What is one key take-home message for reporters covering this topic?
[00:56:04]
SARA WHITLOCK: Thank you so much. So we have one more question, which will give both of our experts a chance to offer some concise takeaways. But first, I want to mention to reporters who are on the line that you’ll be getting a quick survey after this briefing ends. And if you have even 30 seconds to give us feedback on whether this briefing is useful to you, it helps us to plan our programming to deliver what you need. So for our final question, can each of you in about 30 seconds tell us what your take home message is, your key things you want reporters to know who are covering vaccines and vaccine policy? I’ll let Dr.
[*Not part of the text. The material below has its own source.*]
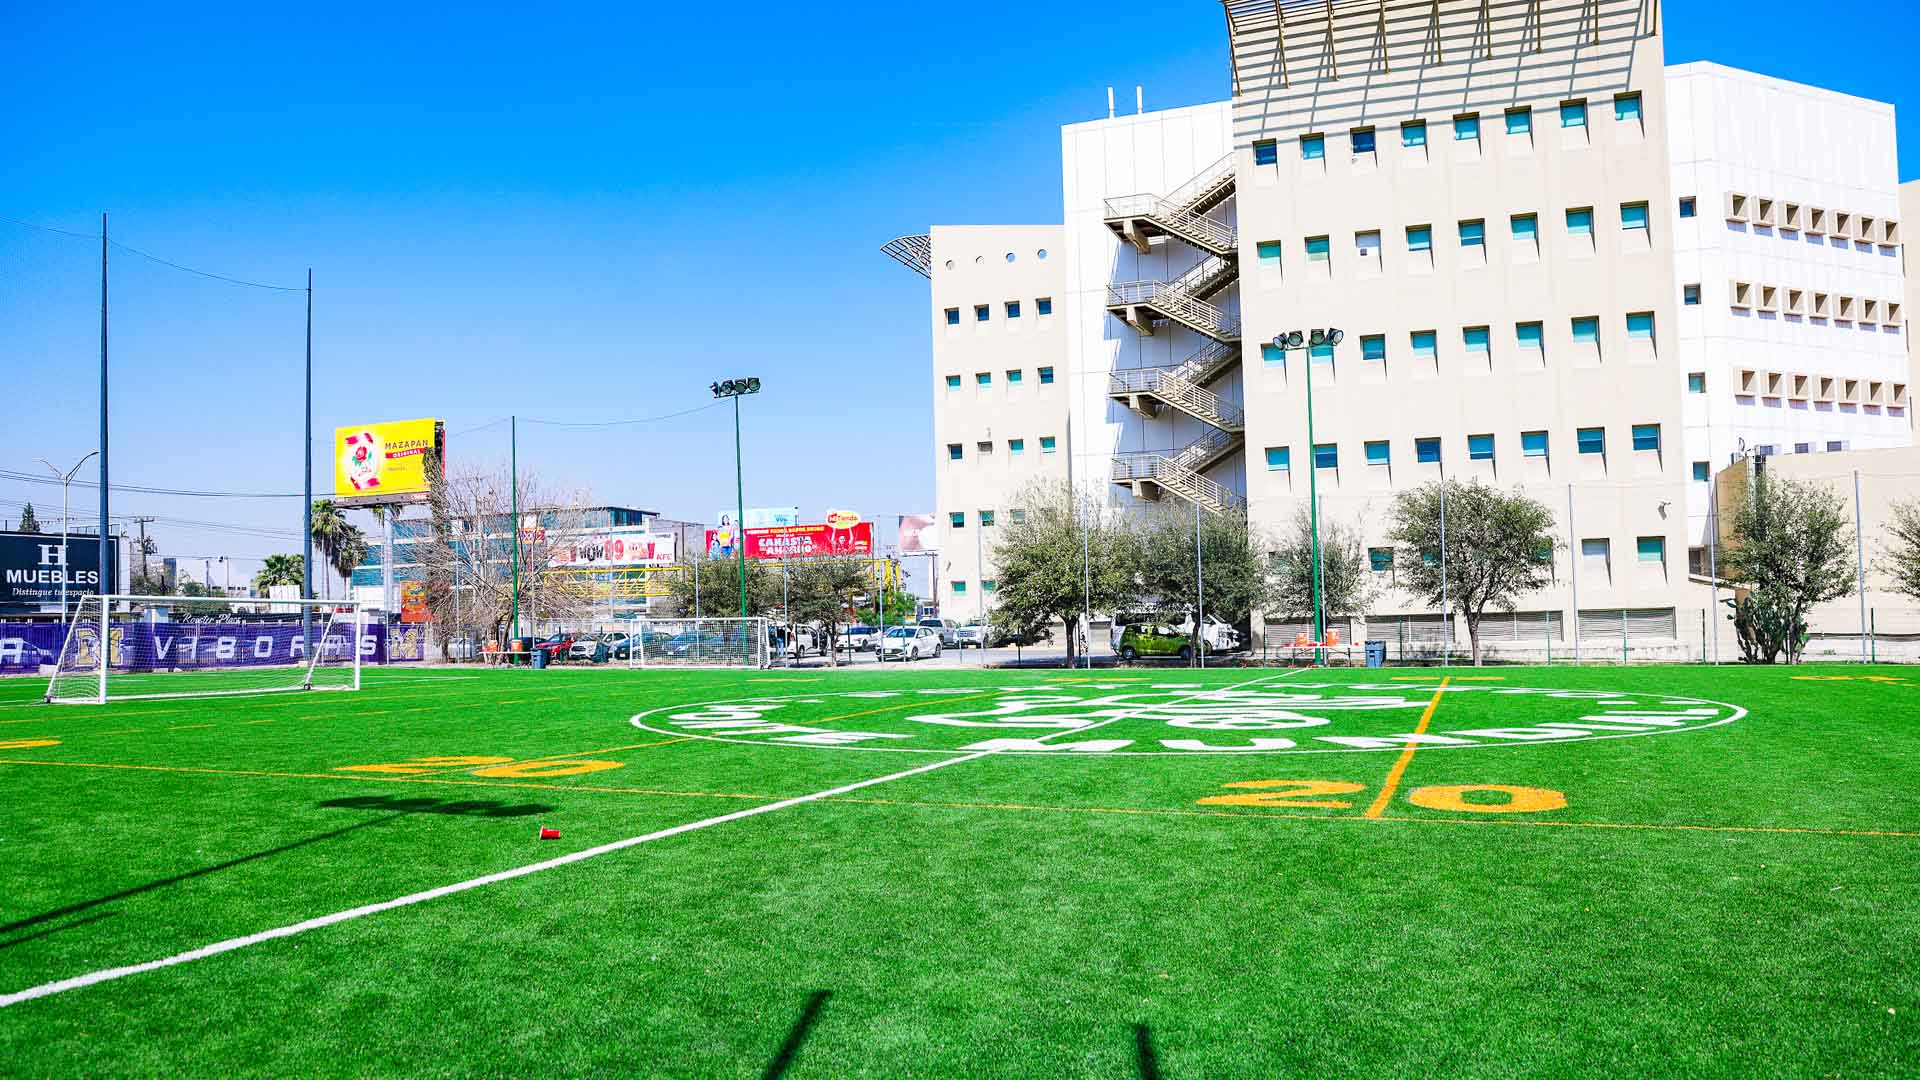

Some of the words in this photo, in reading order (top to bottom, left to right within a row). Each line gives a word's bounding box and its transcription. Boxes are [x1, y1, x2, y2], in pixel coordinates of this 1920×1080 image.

Schwartz start this one.
[00:56:38]
JASON SCHWARTZ: Thanks so much and thanks to everybody for joining, and to our host. I think there’s been an election. There’s a change of administration. There will likely be a change of federal policy. But the science and evidence for vaccines doesn’t change with the votes of an election or a change of appointees. There is a vast body of science and evidence, a vast array of expertise that doesn’t reside in those agencies that have—that are changing hands that can help provide the kind of clarity around why vaccines are seen as so valuable, so safe, so important, so effective. And trying to capture that amid, I think, lots of questions and concerns and frankly, policies that might suggest the contrary will be the really important work for all of us going forward. So I think that’s the message I would try to underscore as we all sort of move ahead in these interesting times.
[00:57:26]
DEBORAH FULLER: Yeah, I totally agree with that. And thanks, everybody, for being here, for listening, and to Sara as well. But, yeah, I agree with that. I think my take home message is a pound of cure, a thousand pounds of cure, if you like. And I think that as reporters, you’re sort of at the front line, really, of helping to get the message out there of the importance of vaccines. And I think that now more than ever, your job is going to be really critical and in ensuring that the research that we do, the vaccines we develop, the truth gets out there. And that people have access to that information.
[00:58:07]
SARA WHITLOCK: Excellent, thank you so much. I want to thank our panelists for sharing their expertise and insight today in a time when understanding vaccines and the vaccine regulation process is so crucial. And we’re grateful to all of you journalists who are on the line, who took the time to hear these reporter perspective—researcher perspectives and to deepen your coverage as the story evolves, deepen that coverage with evidence. So good luck with your reporting. And I hope we’ll see you at our next briefing.